CONGRATULATIONS to Mick Hannigan, programmer of Cork Film Festival and director of the city's Kino cinema, on his appointment to the board of Bord Scannan na hEireann. His appointment and that of the very busy Irish actor and producer, Gabriel Byrne, were made to fill two vacancies on the board. Mick Hannigan has also announced that the closing date for entries for the 42nd Murphys Cork Film Festival is July 11th, and he is encouraging young and emerging film talent, in particular, to enter. The festival, which will run from October 12th to 19th, may be contacted at Haffield House, Tobin Street, Cork.

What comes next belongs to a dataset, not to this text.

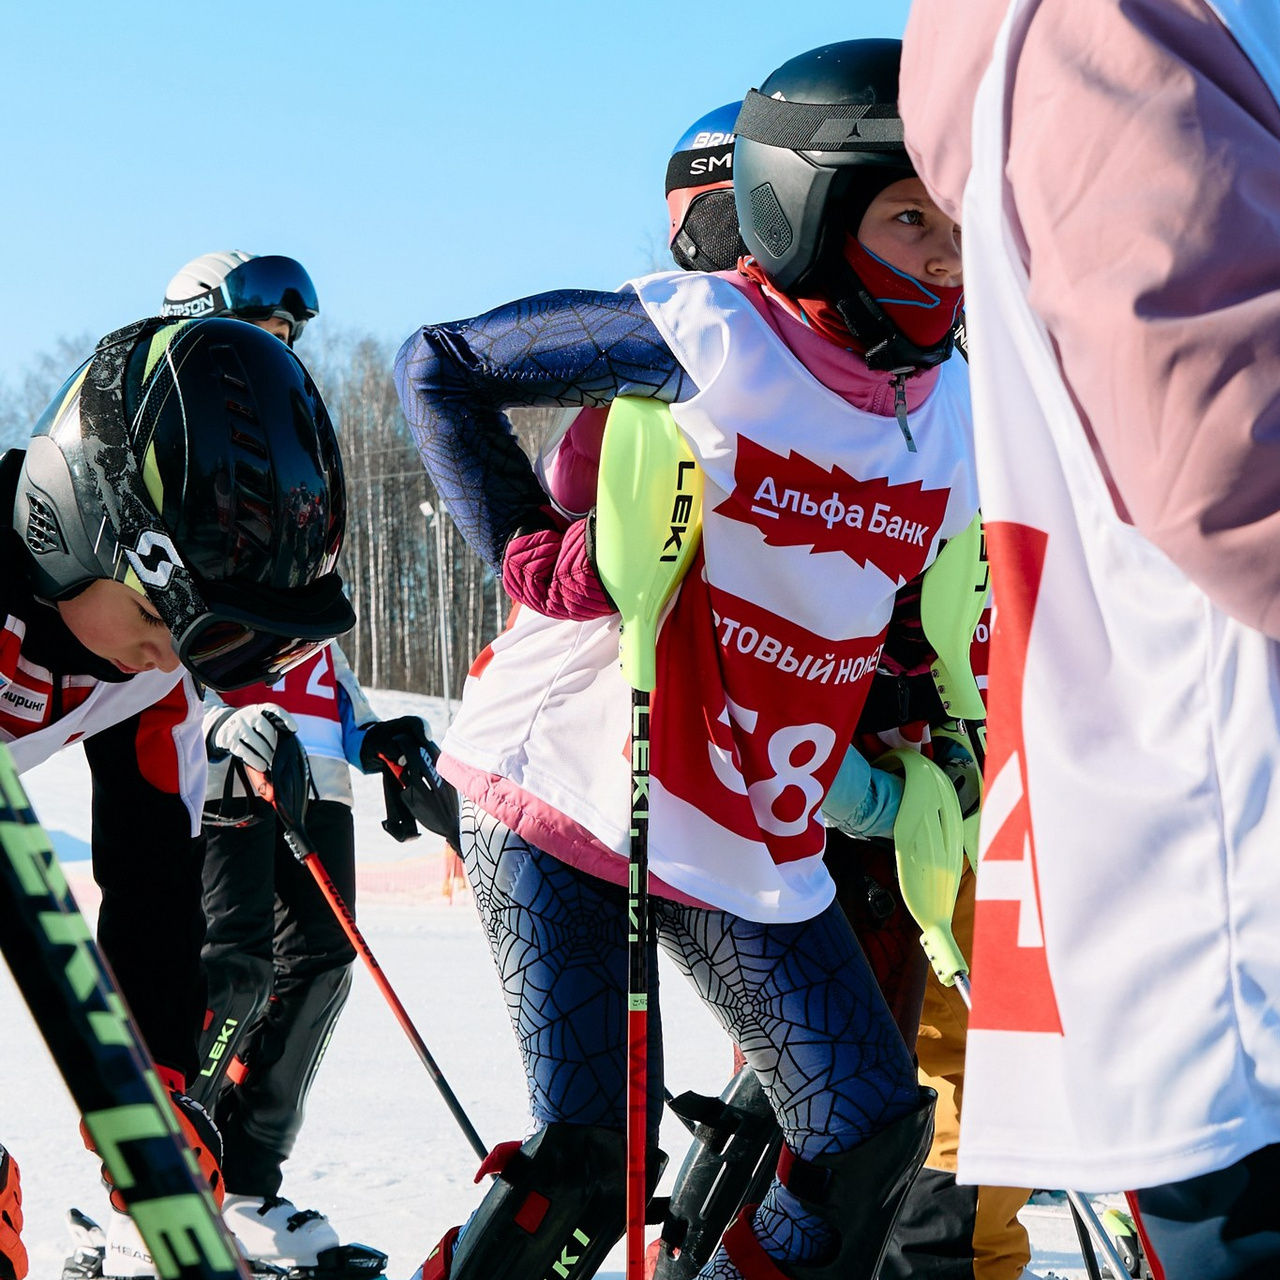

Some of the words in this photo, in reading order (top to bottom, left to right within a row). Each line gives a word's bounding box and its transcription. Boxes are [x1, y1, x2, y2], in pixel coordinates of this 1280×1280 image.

Meanwhile Galway Film Fleadh, which runs from July 8th to 13th, has announced that Anthony Minghella, the Oscarwinning director of The English Patient, will give a masterclass in film directing during this year's event at a date yet to be finalised. The event marks a return to Galway for Minghella, who directed his own play, A Little Like Drowning, at Druid in 1989.

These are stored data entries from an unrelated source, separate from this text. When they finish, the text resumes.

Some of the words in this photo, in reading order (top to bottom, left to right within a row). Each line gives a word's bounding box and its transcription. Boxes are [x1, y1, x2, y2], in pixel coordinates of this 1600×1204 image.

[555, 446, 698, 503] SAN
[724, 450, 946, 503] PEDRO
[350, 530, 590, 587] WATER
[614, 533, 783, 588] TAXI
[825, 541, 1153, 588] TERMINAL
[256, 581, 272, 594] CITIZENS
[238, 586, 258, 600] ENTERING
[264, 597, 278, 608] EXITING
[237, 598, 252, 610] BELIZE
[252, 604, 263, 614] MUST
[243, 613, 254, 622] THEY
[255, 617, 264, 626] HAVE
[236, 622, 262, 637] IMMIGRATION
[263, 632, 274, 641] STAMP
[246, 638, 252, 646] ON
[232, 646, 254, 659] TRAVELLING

WES Craven's Scream was voted film of the year at the 1997 MTV Movie Awards, announced in Santa Monica, California, last Monday night. Tom Cruise was named best actor for Jerry Maguire, with best actress going to Claire Danes for Romeo And Juliet. Matthew McConaughy got best breakthrough performance for his role in A Time To Kill, Jim Carrey was named both best villain and best comedic performer for The Cable Guy, and Nicolas Cage and Sean Cannery got best on screen duo for The Rock.

The other awards included best screen kiss to Will Smith and Viveca A. Fox in Independence Day; best movie sang to Bush's Machinehead from Fear; best new film maker to Doug Liman for Swingers; best fight to Fairuza Balk and Robin Tunney in The Craft; and best action sequence to Twister far the scene in which a truck drives through farm equipment. The lifetime achievement award, presented by Carrie Fisher, went to Chewbacca for the Star Wars trilogy. No kidding!

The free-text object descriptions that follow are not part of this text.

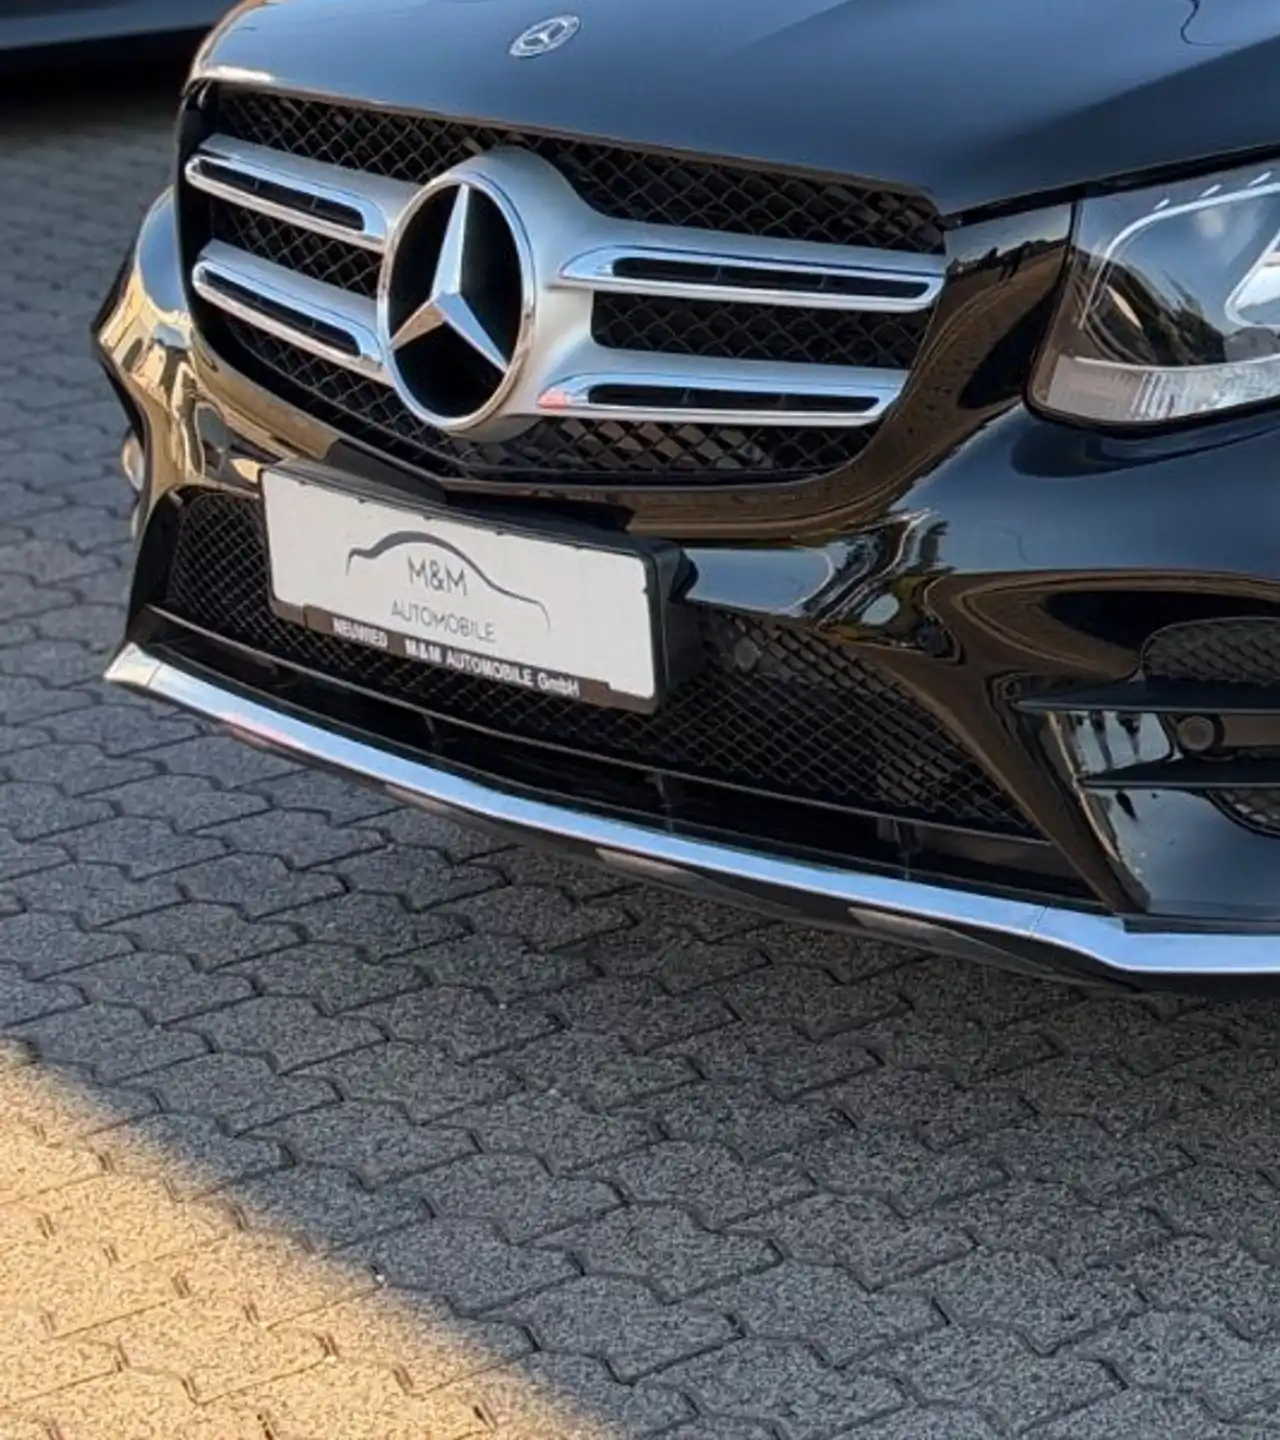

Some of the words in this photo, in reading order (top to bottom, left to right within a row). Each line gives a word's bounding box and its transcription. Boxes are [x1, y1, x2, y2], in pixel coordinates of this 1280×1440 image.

[408, 557, 468, 596] M&M
[391, 599, 496, 643] AUTOMOBILE
[404, 637, 442, 664] M&M
[447, 649, 533, 686] AUTOMOBILE
[538, 671, 580, 698] GmbH

BRENDA BLETHYN, an Oscar nominee this year for Secrets & Lies, has just finished working on Nick Hurran's Girls Night, a comedy in which she and Julie Walters play close friends from Manchester who go to Las Vegas on the proceeds of a win at the bingo. Kris Kristofferson also stars.

The three time Oscarwinning studio, Aardman Animations, is about to begin its first animated feature film, Chicken Run, to be codirected by Nick Park and Peter Lord.

One of the most unexpected major hits of recent years, Babe, has spawned a sequel now shooting at the new Fox Studios in Australia. Chris Noonan earned an Oscar nomination for directing the original, but the sequel will be directed by George Miller, who produced the original.

And Al Pacino is to star in the remake of the 1965 Steve McQueen movie, The Cincinnati Kid, which will be scripted by David Mamet.